Adam Sandler se ha caracterizado por hacer películas que pretenden dar algún mensaje, con resultados regulares: filmes simpáticos, fiascos, o simplemente para pasar el rato. Grown ups (o “Son como niños”, título mexicano) podría entrar en ésta última categoría.

La historia trata sobre cinco amigos que, cuando niños, ganaron un campeonato de basquetbol, y al parecer eso fue suficiente para establecer un lazo especial con su entrenador, pues 30 años después, cuando él fallece se reúnen nuevamente, ahora que tienen caminos muy distintos aprovechan la oportunidad para pasar un fin de semana en la casa del lago en la que celebraron su triunfo de aquélla época.

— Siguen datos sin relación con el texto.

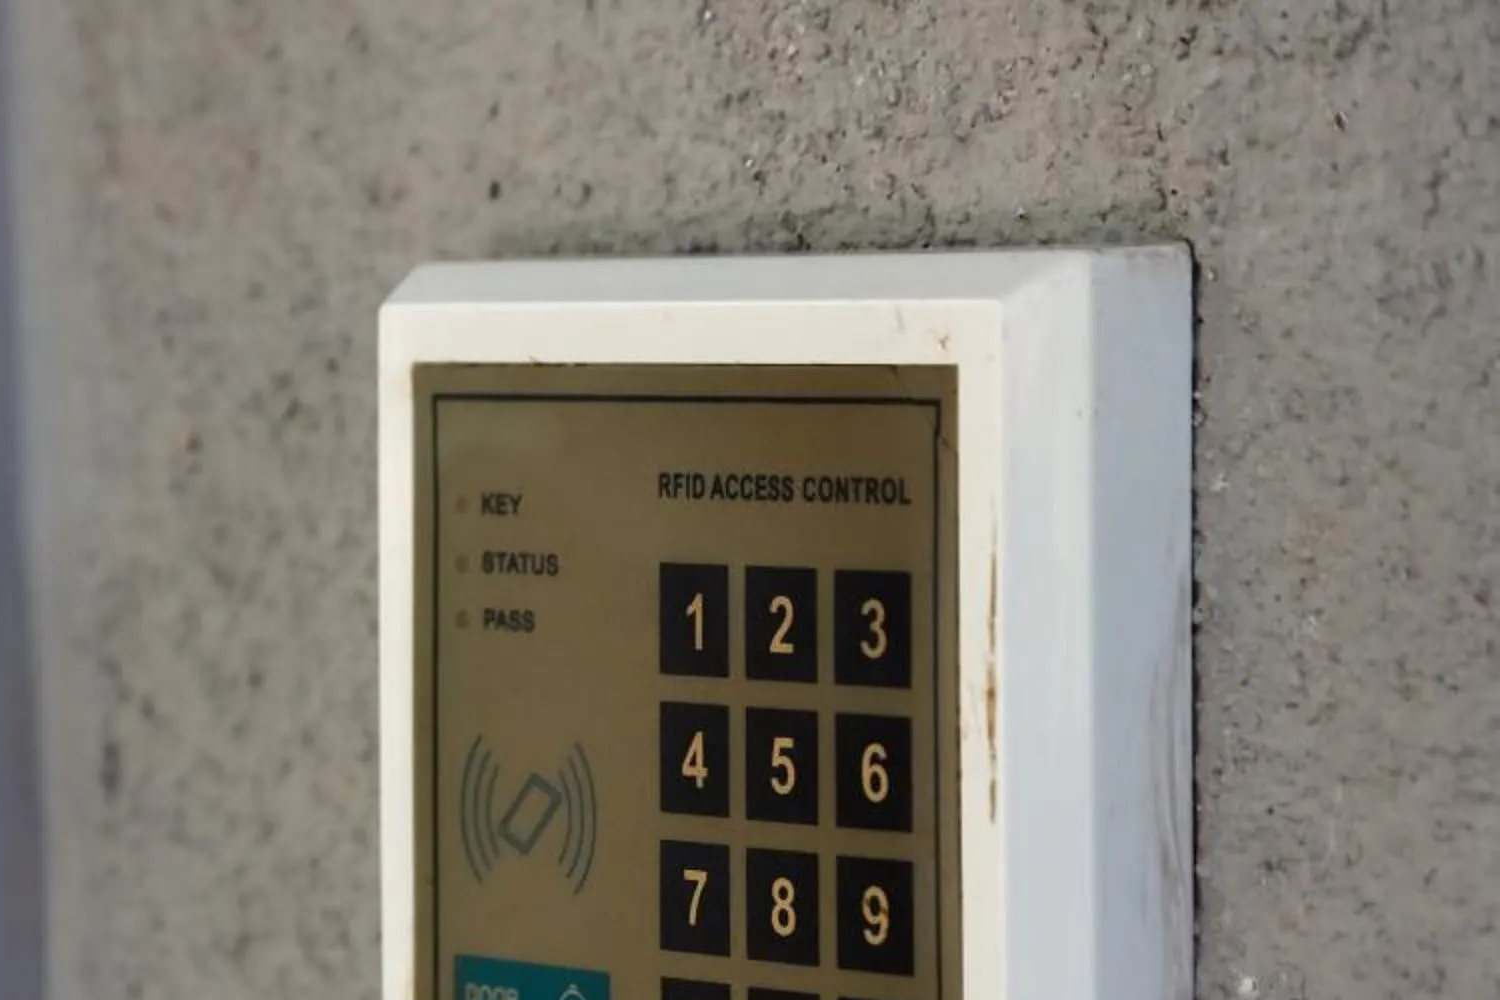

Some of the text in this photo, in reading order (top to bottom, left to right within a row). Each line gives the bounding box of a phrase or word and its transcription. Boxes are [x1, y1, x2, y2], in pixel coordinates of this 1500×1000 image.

No faltan los elementos-Sandler: sus amigos actores (como Rob Schneider y Steve Buscemi), algo de humor negro (a veces grotesco) e incluso su propio estilo de actuación.

Es inevitable tomar en cuenta el mensaje que trae: los niños de ahora no saben divertirse fuera de la televisión o videojuegos, y si los papás no hacen algo aún cuando hay las condiciones, nadie más lo hará.

En resumen, me parece que es una película “palomera” o para pasar el rato, sin mayores aspiraciones.